Prime Minister Justin Trudeau is a big believer in the advice of foreign experts.
In the months after the 2015 election Liberals were addressed on several occasions by Sir Michael Barber, a British expert of “deliverology,” who advised on ways to keep the avalanche of promises they’d made. Later they heard from David Axelrod, a key strategist for former president Barack Obama, who was invited to “motivate and inspire and focus” party members mulling a platform for re-election.
Most recently sage counsel was offered by Tim Dixon, co-founder of a U.K.-based organization established to push positivity. More in Common aims to “build communities and societies that are stronger, more united and more resilient to the increasing threats of polarization and social division.” Kind of a British version of Sunny Ways Inc.
Dixon recommended Liberals “bring the focus back to the majority” as they set out in search of re-election in October, emphasizing shared values across the broad spectrum of everyday Canadians rather than focusing on the “us versus them” of marginalized groups and minority interests. The message was intended to help prevent Canada succumbing to the uglier aspects of populism as seen in parts of Europe and the United States.
It’s debatable whether Trudeau’s is a government able to grasp the lesson
It’s a reasonable enough message — how many people out there prefer confrontation and division over shared interests and common values? But it’s debatable whether Trudeau’s is a government able to grasp the lesson, given its habit of promoting its views by disparaging those who disagree.
It may seem odd that a party that sees itself as the soul of Canada and bedrock of unity would need to be told to quit playing one group against another, but the very essence of the government’s approach has been to reject the validity of opinions different from its own, and those who hold them. As John Ivison, author of a newly published book on Trudeau, observes: people who fail to share the prime minister’s vision “are dismissed as uninformed, irresponsible or motivated by unworthy purposes.”

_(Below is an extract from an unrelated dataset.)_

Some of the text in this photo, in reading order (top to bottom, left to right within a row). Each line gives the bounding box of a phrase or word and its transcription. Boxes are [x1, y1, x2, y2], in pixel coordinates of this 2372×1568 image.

The debate about climate change is an example: Canadians who may have valid concerns about the most effective means of fighting its impact are treated as cranks, deniers or stooges of big business. When Environment Minister Catherine McKenna heard that Conservative Leader Andrew Scheer had met with energy industry executives — a normal enough task for a national party leader — she immediately, and with no real idea what had been discussed, denounced it as “scheming behind closed doors with wealthy executives to gut environmental protection laws, silence critics, and make pollution free again.” As if working for Suncor, Syncrude or TC Pipelines instantly transforms ordinary working people into greedy plutocrats.
In 2018 the government sought to deny summer jobs to students working for any organization that refused to sign on to an abortion rights pledge. When a flood of migrants poured into Canada illegally via a Quebec border crossing, Liberals initially treated those calling for action as bigots and extremists before reversing field and introducing tougher measures on asylum seekers. Before resigning as Trudeau’s principal secretary, Gerald Butts was noted for his acerbic Twitter attacks on the media, political opponents, analysts and anyone who questioned Liberal deeds, once dismissing jokes about Trudeau’s use of the term “peoplekind” as the work of Nazis.

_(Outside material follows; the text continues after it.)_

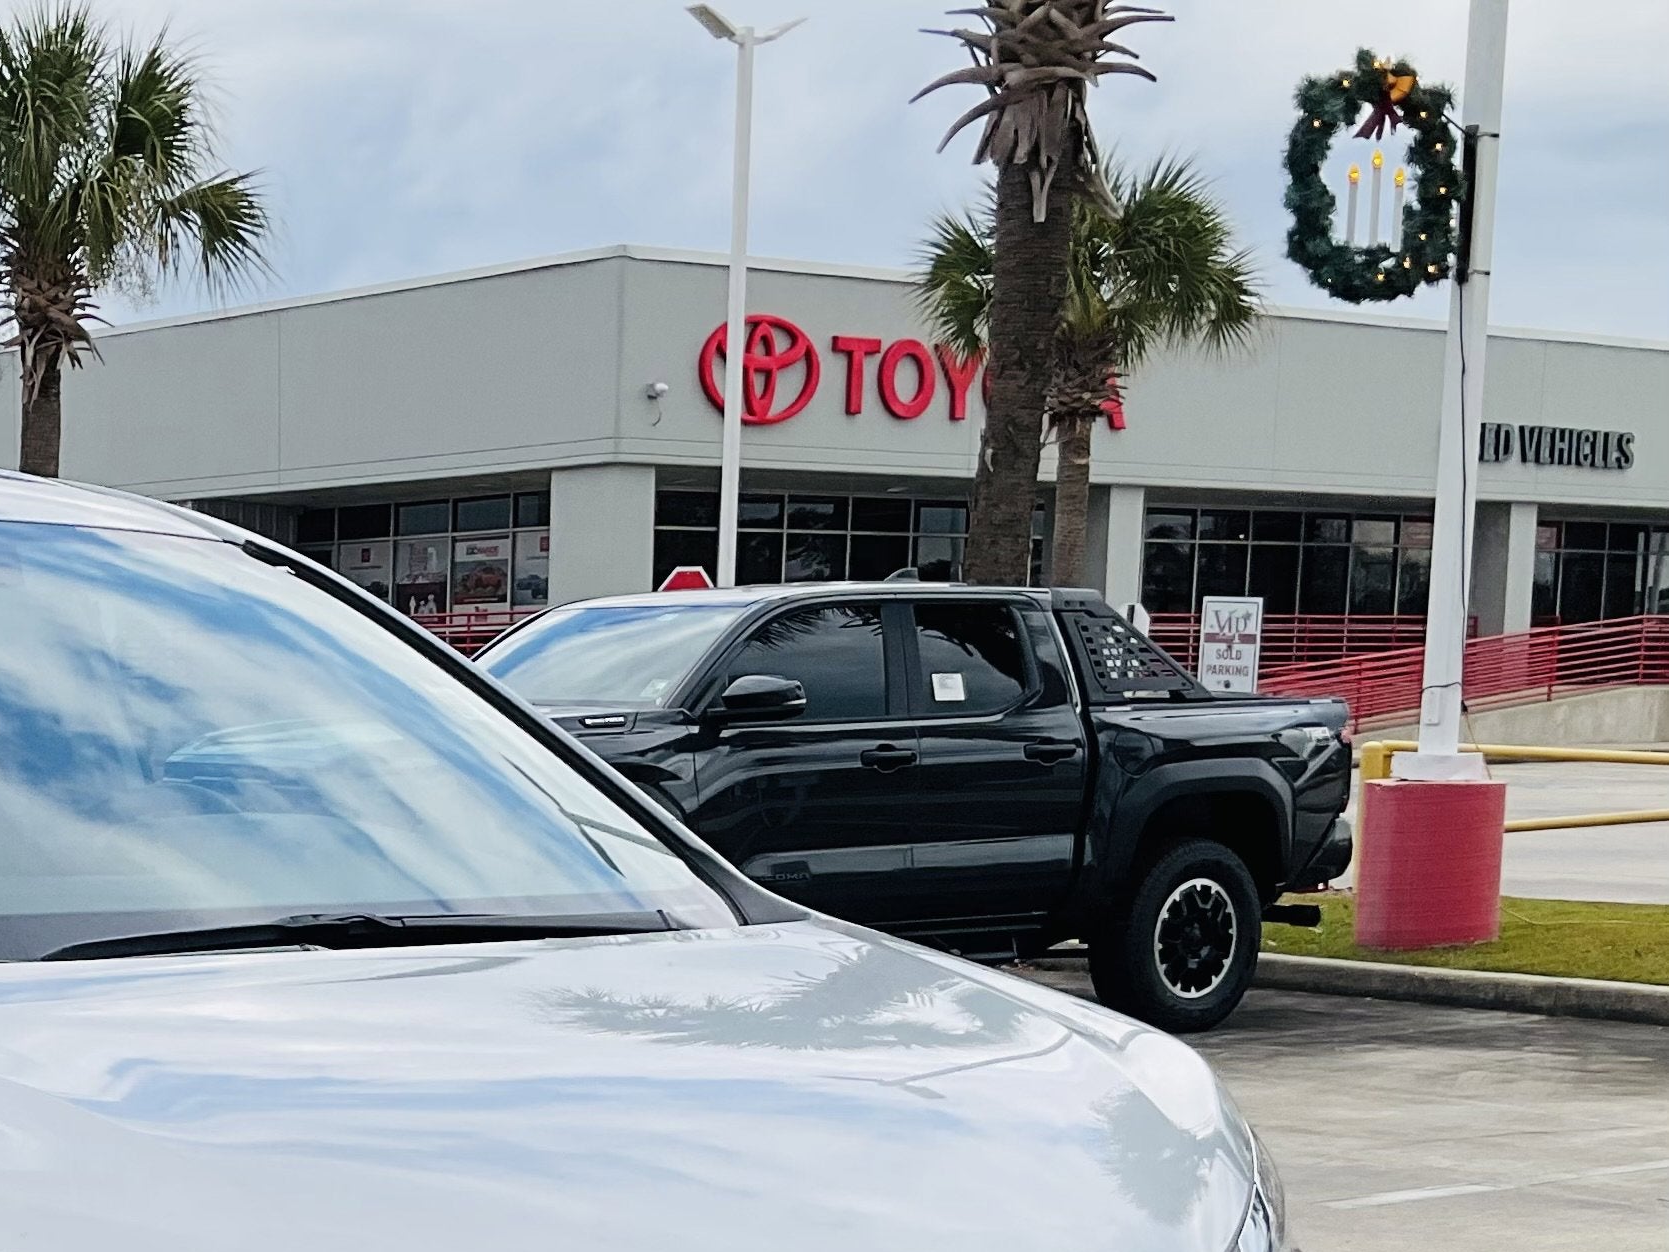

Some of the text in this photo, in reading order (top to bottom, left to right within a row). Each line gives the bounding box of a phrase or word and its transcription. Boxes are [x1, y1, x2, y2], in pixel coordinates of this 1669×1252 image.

[832, 335, 1127, 430] TOY
[1518, 424, 1636, 470] VEHICLES
[1215, 648, 1242, 661] SOLD
[1206, 664, 1250, 677] PARKING

Butts recently returned to assist in the Liberal re-election bid, which has already demonstrated a preference for attacking Ontario Premier Doug Ford rather than discussing the Liberal record. In a recent speech to Liberal candidates in Ottawa, the prime minister managed the delicate political feat of smearing Conservatives while professing to renounce smear tactics: “They throw mud at their opponents and hope we join them in the gutter and when we refuse to stoop to their level, they label us as naive,” he said.
This is not a government that demonstrates a facility for bringing people together
In short, this is not a government that demonstrates a facility for bringing people together. Nor is it one inclined to engage in serious debate over its policies, preferring to shut down Parliamentary inquiries or invoke cabinet confidentiality to thwart questioners, while burying contentious legislation in mass omnibus bills, which, by the way, it had pledged not to do.

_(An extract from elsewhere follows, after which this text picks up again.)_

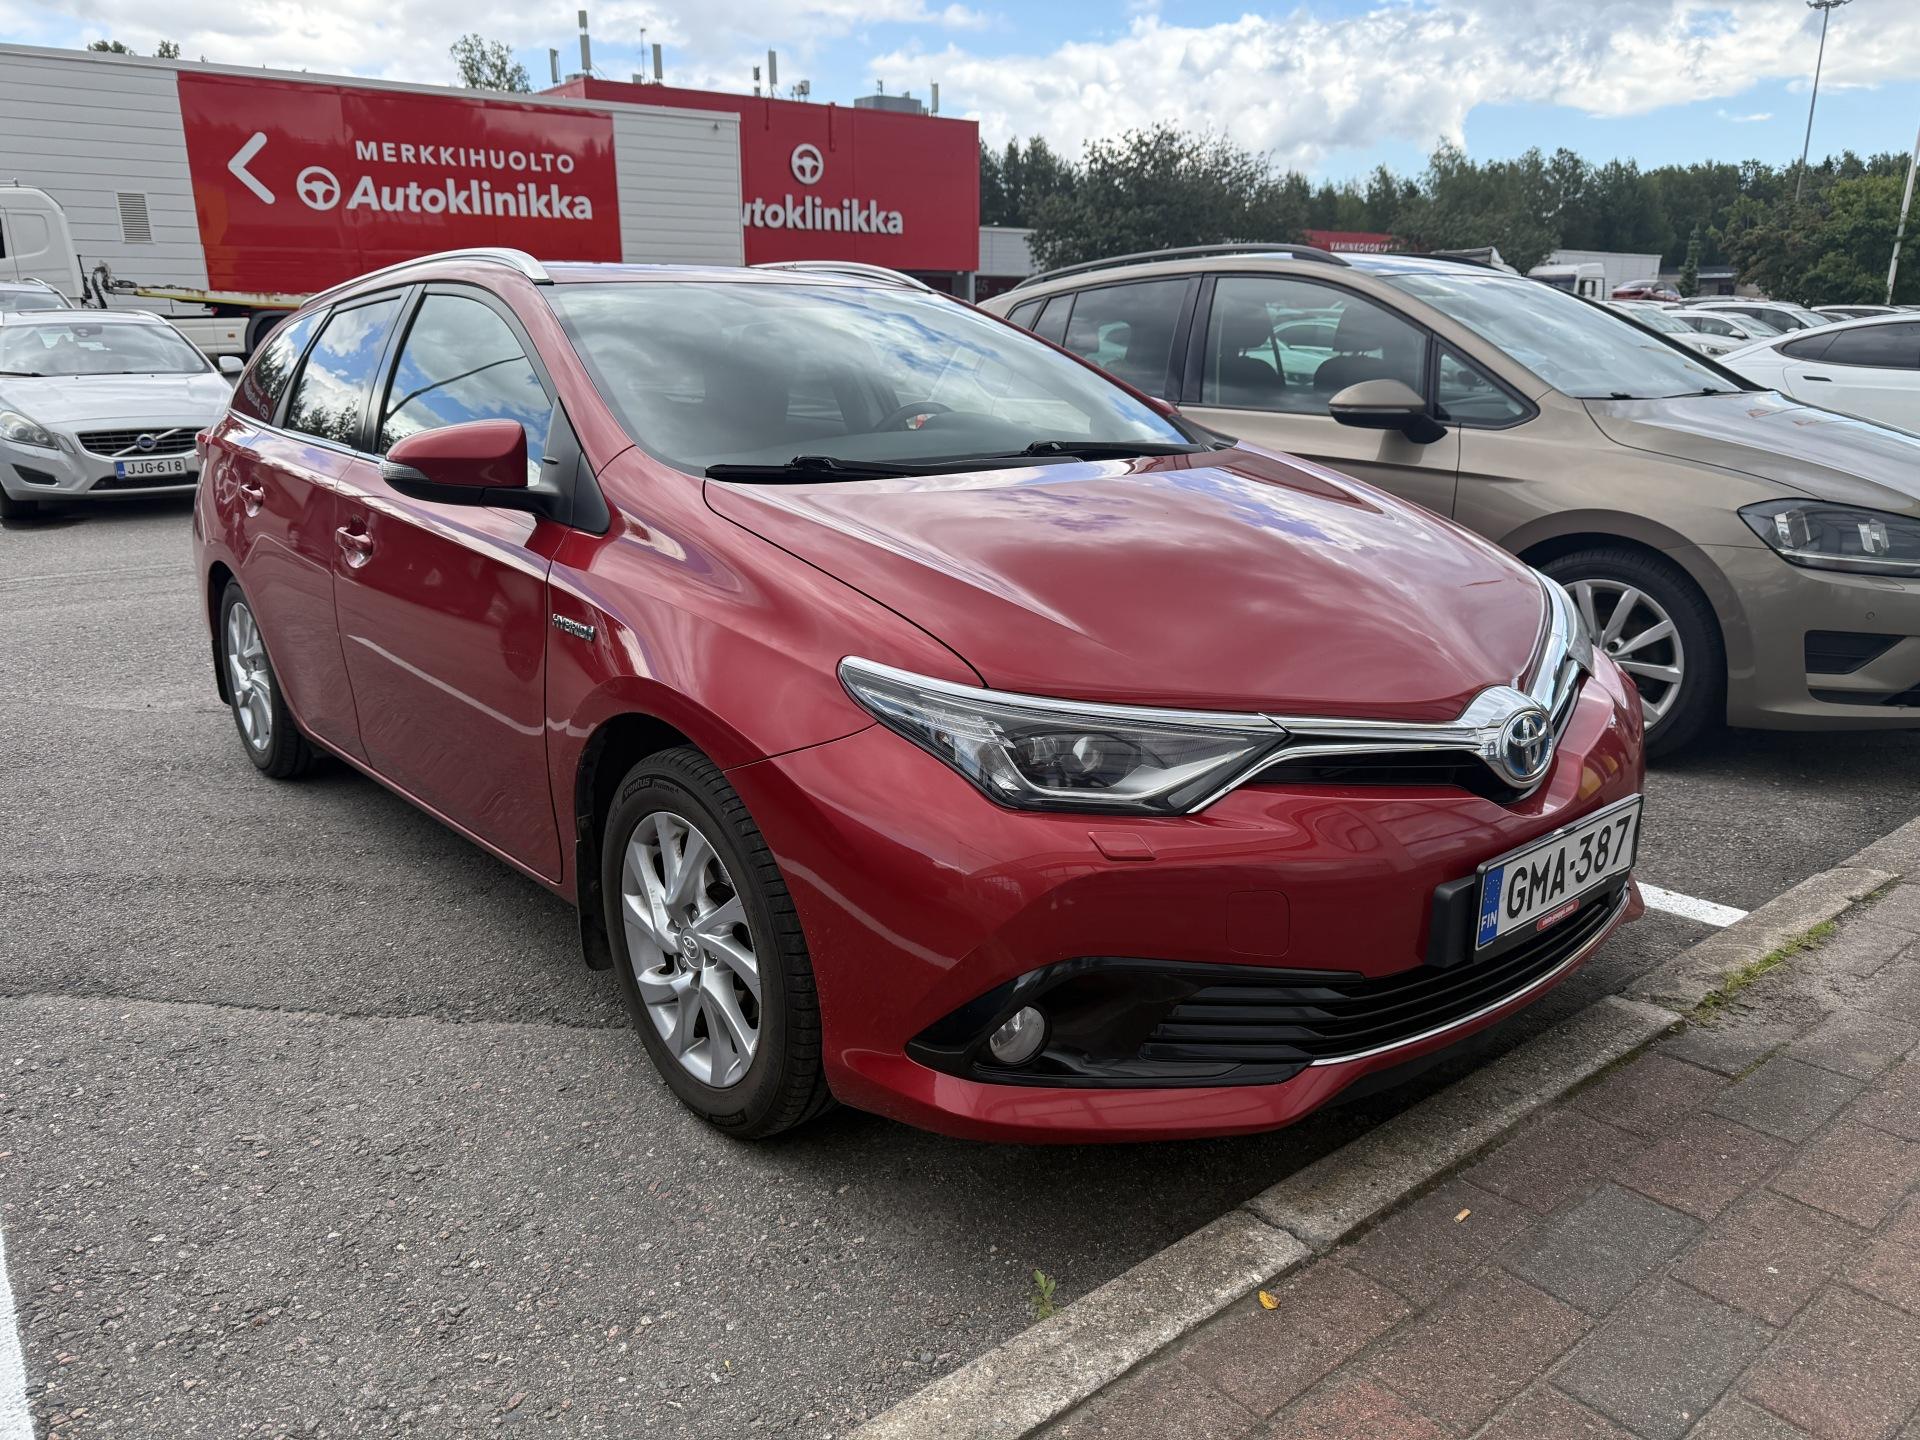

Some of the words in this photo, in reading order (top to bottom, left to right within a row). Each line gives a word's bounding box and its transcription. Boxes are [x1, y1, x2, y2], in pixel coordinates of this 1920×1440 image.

That Canadians perceive the divisive nature of Trudeau Liberalism is evidenced by the Liberals’ decline in the polls, which show them struggling to keep pace with Conservatives despite a reasonable economy, low unemployment and billions of dollars in government largesse to hand out. It’s evident by the contraction in Liberal premiers across the country, and the sudden revival of talk of separatism in Alberta.
The prime minister’s reduced popularity relates directly to the view he apologizes too often, is too politically correct, caters too much to activists and interest groups with narrow agendas, and immerses himself in an array of minority concerns which, while worthy enough, affect only a limited percentage of the population while the majority of Canadians feel their mundane worries about health care, family budgets, jobs and their children get secondary treatment.
It’s unfortunate that it would take a foreign expert to apprise the prime minister of this situation, but if that’s what it takes to remind Trudeau that “social division” comes from pitting favoured communities over the mundane masses, then Dixon will have served his purpose.